Spatial localization data:
• • •

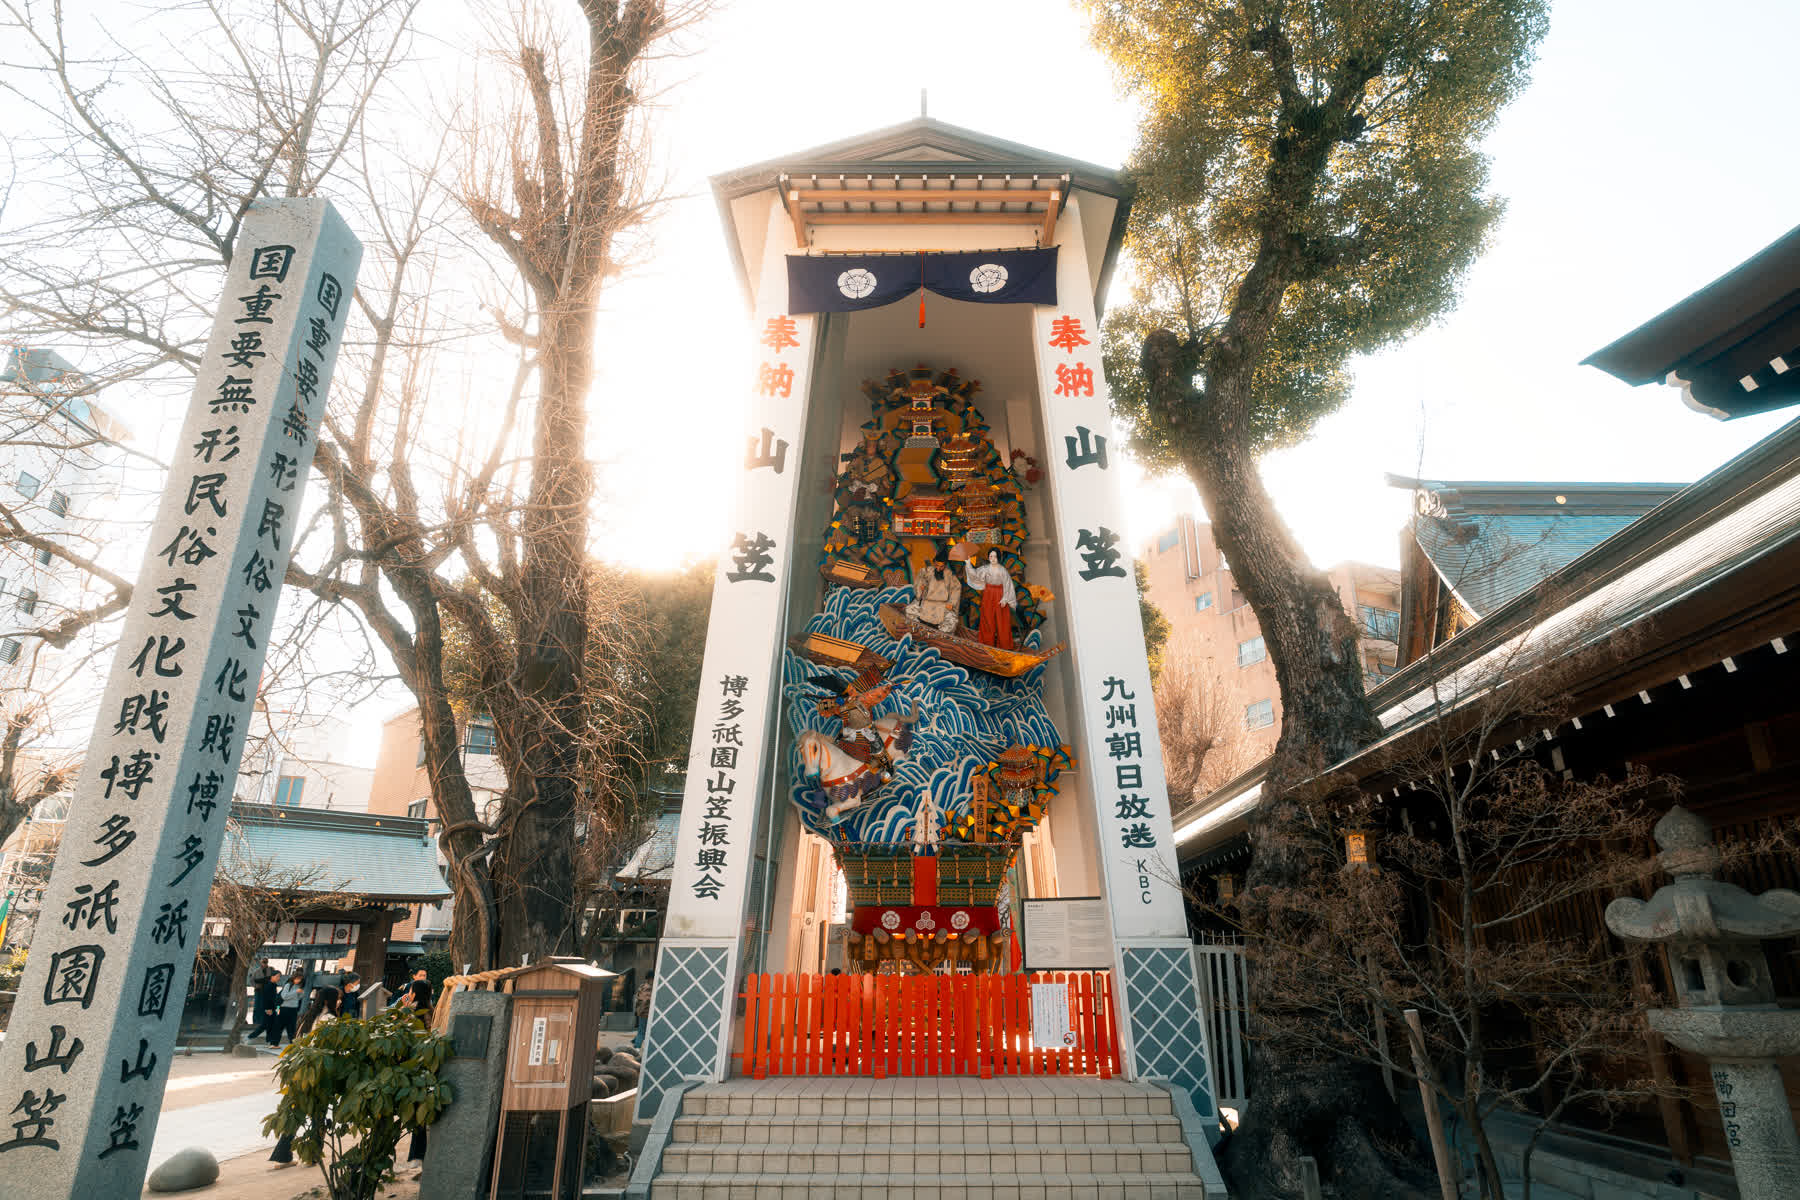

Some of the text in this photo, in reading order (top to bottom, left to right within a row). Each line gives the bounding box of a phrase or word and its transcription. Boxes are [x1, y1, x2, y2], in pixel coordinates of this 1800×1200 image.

[753, 315, 801, 398] 奉納
[1048, 315, 1095, 397] 奉納
[726, 427, 790, 583] 山笠
[1065, 425, 1127, 582] 山笠
[690, 674, 749, 900] 博多祇園山笠振興会
[1101, 676, 1157, 849] 九州朝日放送
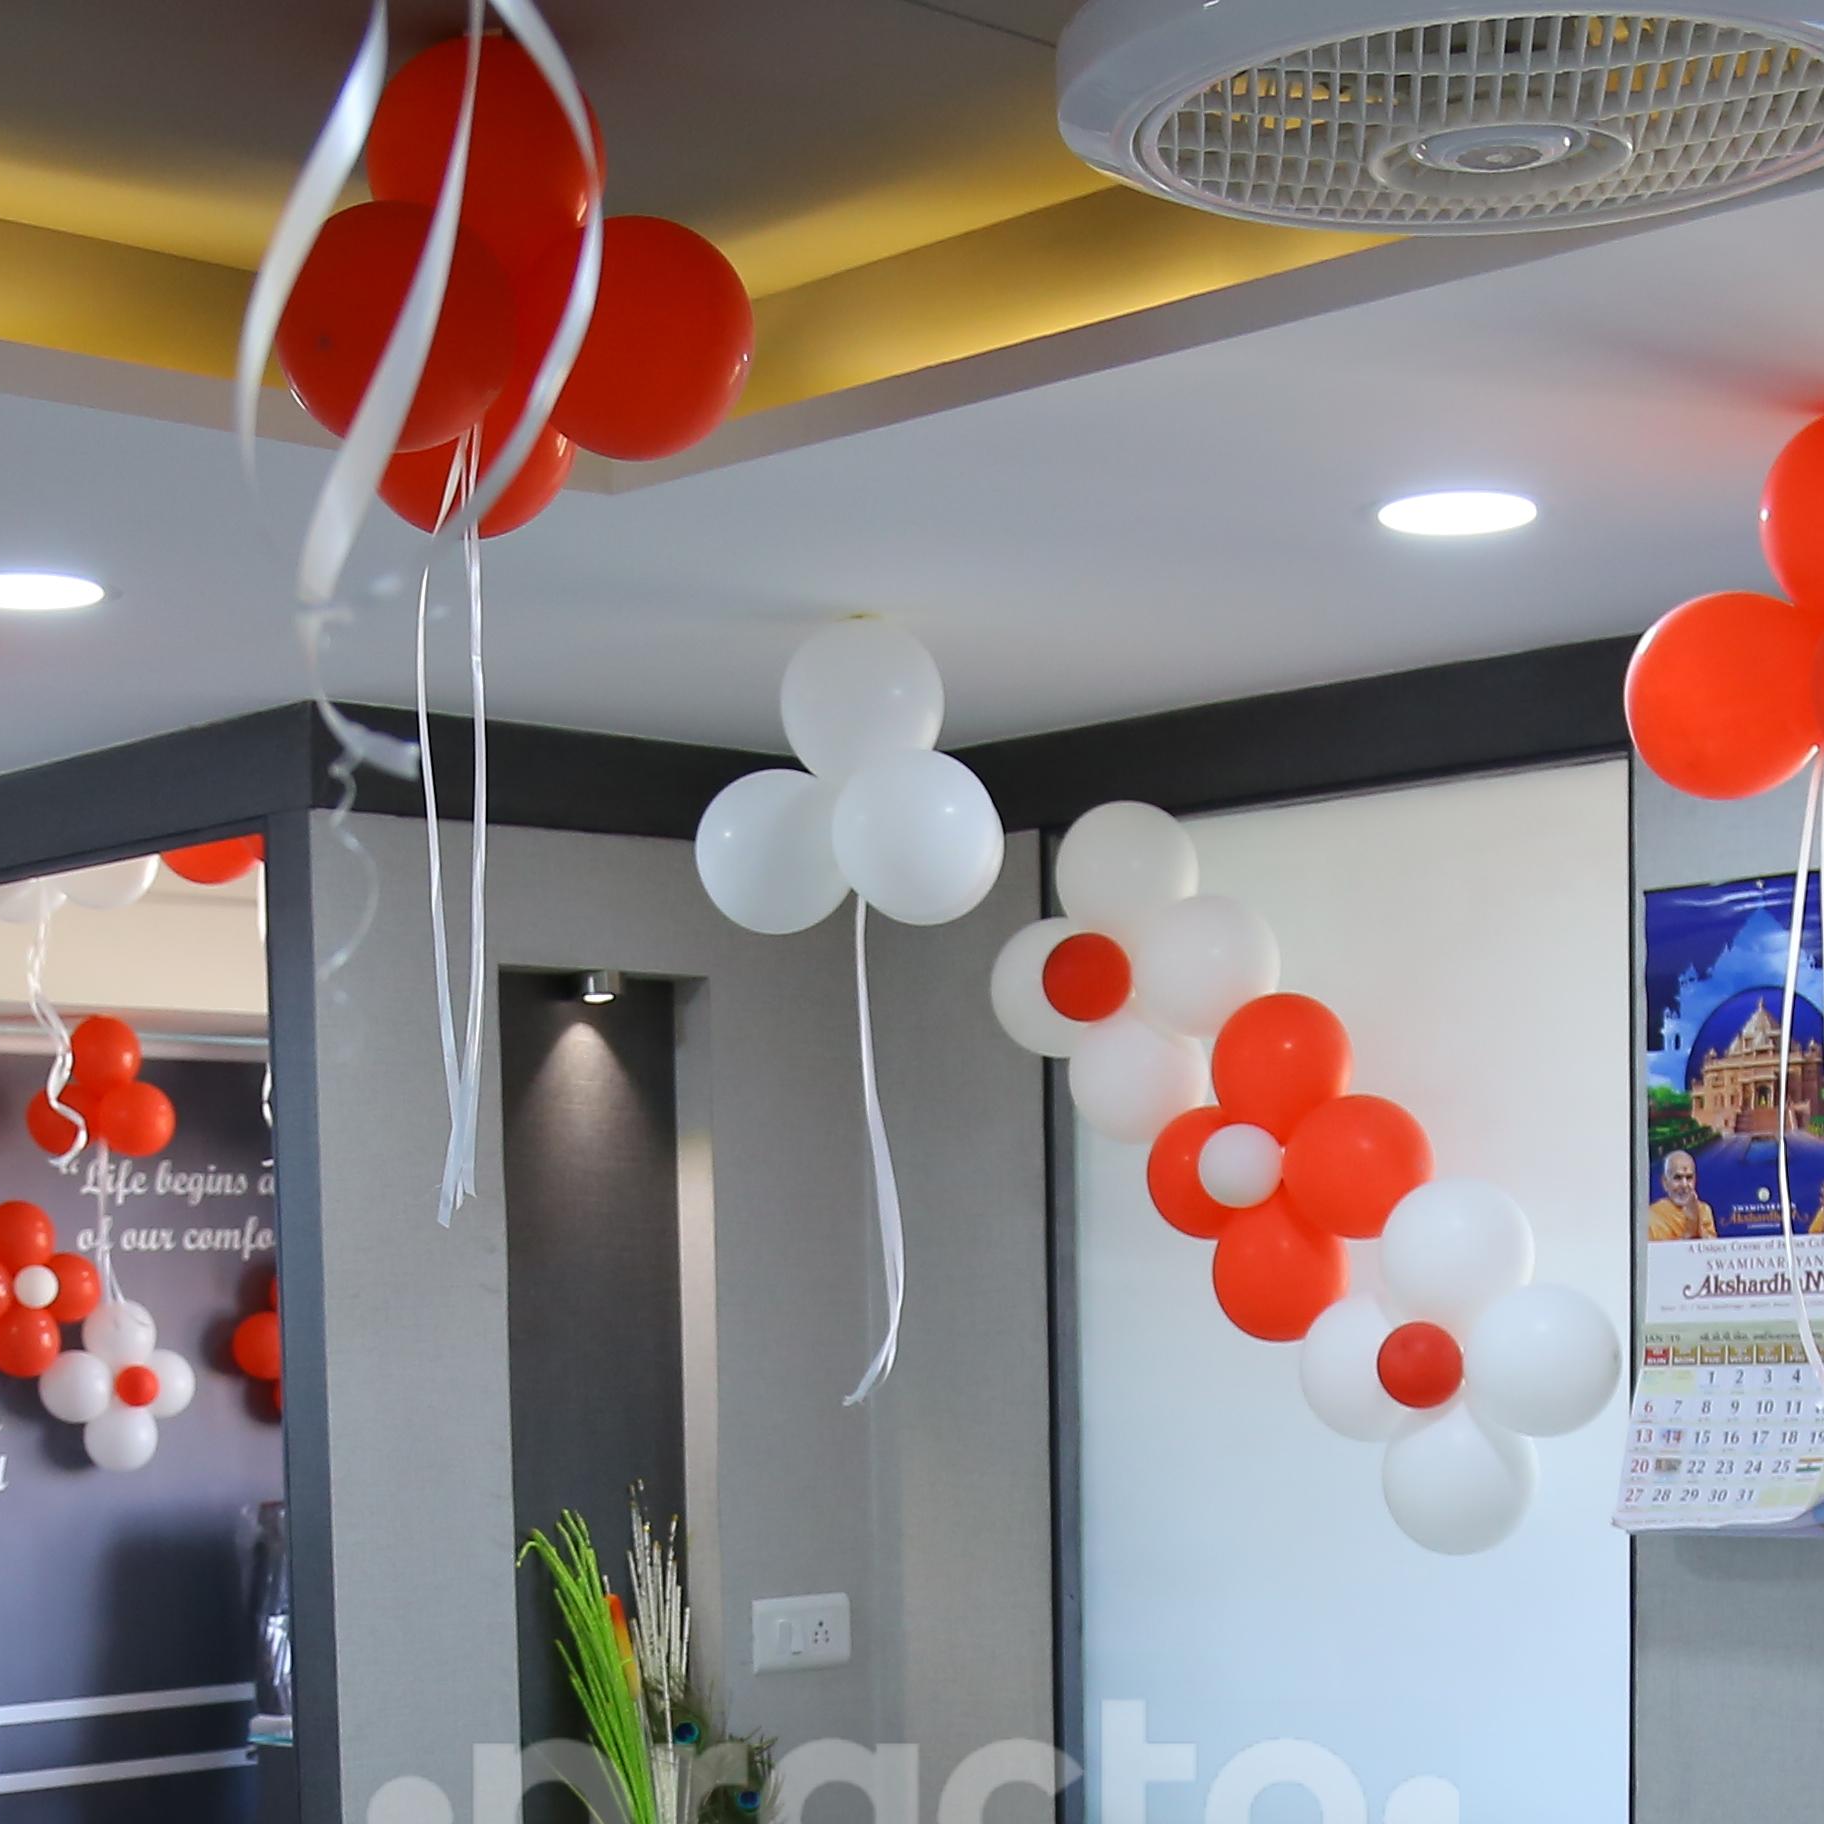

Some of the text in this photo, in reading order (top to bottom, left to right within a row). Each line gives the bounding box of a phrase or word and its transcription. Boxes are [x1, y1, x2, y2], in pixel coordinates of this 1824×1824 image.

[154, 1158, 249, 1206] begins
[120, 1226, 177, 1251] our
[1705, 1255, 1824, 1272] SWAMINARYAN
[1735, 1369, 1745, 1384] 2
[1763, 1369, 1773, 1384] 3
[1791, 1368, 1802, 1383] 4
[1644, 1400, 1654, 1414] 6
[1674, 1400, 1683, 1415] 7
[1701, 1400, 1712, 1415] 8
[1730, 1400, 1741, 1415] 9
[1756, 1400, 1775, 1415] 10
[1785, 1399, 1804, 1414] 11
[1635, 1428, 1654, 1444] 13
[1694, 1430, 1712, 1445] 15
[1723, 1430, 1741, 1445] 16
[1751, 1430, 1770, 1445] 17
[1780, 1430, 1798, 1445] 18
[1630, 1458, 1650, 1474] 20
[1686, 1460, 1707, 1474] 22
[1715, 1460, 1735, 1475] 23
[1743, 1460, 1763, 1475] 24
[1771, 1460, 1792, 1474] 25
[1625, 1488, 1755, 1502] 27 28 29 30 31

• • •

▸ **Requirement**
Full copy, no pictures: write out each line of the data exactly as it stands.

▸ **Response to the exercise**
Some of the text in this photo, in reading order (top to bottom, left to right within a row). Each line gives the bounding box of a phrase or word and its transcription. Boxes are [x1, y1, x2, y2], in pixel coordinates of this 1800×1200 image.

[753, 315, 801, 398] 奉納
[1048, 315, 1095, 397] 奉納
[726, 427, 790, 583] 山笠
[1065, 425, 1127, 582] 山笠
[690, 674, 749, 900] 博多祇園山笠振興会
[1101, 676, 1157, 849] 九州朝日放送

Some of the text in this photo, in reading order (top to bottom, left to right within a row). Each line gives the bounding box of a phrase or word and its transcription. Boxes are [x1, y1, x2, y2], in pixel coordinates of this 1824×1824 image.

[154, 1158, 249, 1206] begins
[120, 1226, 177, 1251] our
[1705, 1255, 1824, 1272] SWAMINARYAN
[1735, 1369, 1745, 1384] 2
[1763, 1369, 1773, 1384] 3
[1791, 1368, 1802, 1383] 4
[1644, 1400, 1654, 1414] 6
[1674, 1400, 1683, 1415] 7
[1701, 1400, 1712, 1415] 8
[1730, 1400, 1741, 1415] 9
[1756, 1400, 1775, 1415] 10
[1785, 1399, 1804, 1414] 11
[1635, 1428, 1654, 1444] 13
[1694, 1430, 1712, 1445] 15
[1723, 1430, 1741, 1445] 16
[1751, 1430, 1770, 1445] 17
[1780, 1430, 1798, 1445] 18
[1630, 1458, 1650, 1474] 20
[1686, 1460, 1707, 1474] 22
[1715, 1460, 1735, 1475] 23
[1743, 1460, 1763, 1475] 24
[1771, 1460, 1792, 1474] 25
[1625, 1488, 1755, 1502] 27 28 29 30 31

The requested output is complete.